▸ **Material shown**:
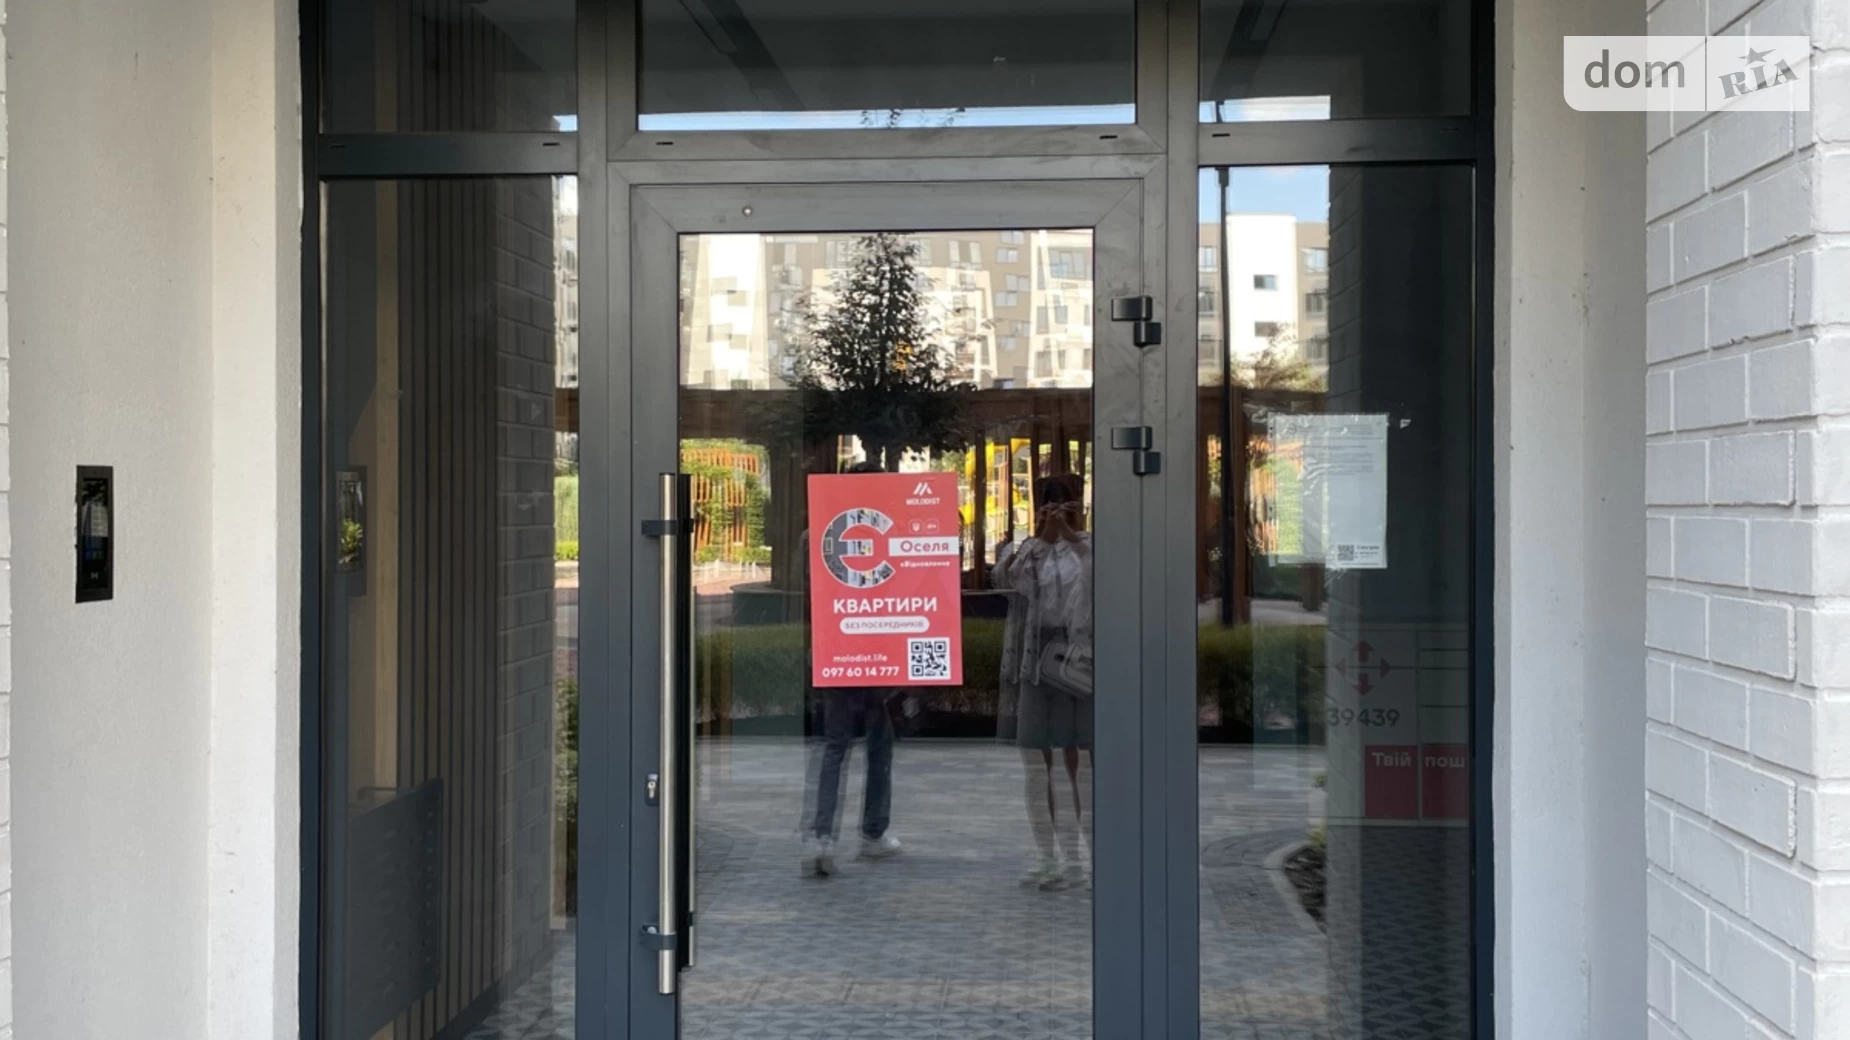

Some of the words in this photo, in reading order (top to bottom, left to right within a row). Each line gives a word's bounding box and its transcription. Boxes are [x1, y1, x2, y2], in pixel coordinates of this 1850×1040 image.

[900, 540, 949, 553] Оселя
[833, 597, 937, 614] КВАРТИРИ
[845, 621, 860, 629] БЕЗ
[861, 620, 924, 629] ПОСЕРЕДНИКІВ
[833, 653, 888, 663] molodist.life
[822, 667, 844, 678] 097
[846, 667, 863, 678] 60
[865, 667, 878, 677] 14
[879, 666, 900, 677] 777
[1371, 752, 1412, 767] Твій
[1425, 755, 1468, 768] пош

▸ **What you need to do**: What is needed is every line of the data above, set down exactly but with the images left out.

▸ **Response for this exercise**:
Some of the words in this photo, in reading order (top to bottom, left to right within a row). Each line gives a word's bounding box and its transcription. Boxes are [x1, y1, x2, y2], in pixel coordinates of this 1850×1040 image.

[900, 540, 949, 553] Оселя
[833, 597, 937, 614] КВАРТИРИ
[845, 621, 860, 629] БЕЗ
[861, 620, 924, 629] ПОСЕРЕДНИКІВ
[833, 653, 888, 663] molodist.life
[822, 667, 844, 678] 097
[846, 667, 863, 678] 60
[865, 667, 878, 677] 14
[879, 666, 900, 677] 777
[1371, 752, 1412, 767] Твій
[1425, 755, 1468, 768] пош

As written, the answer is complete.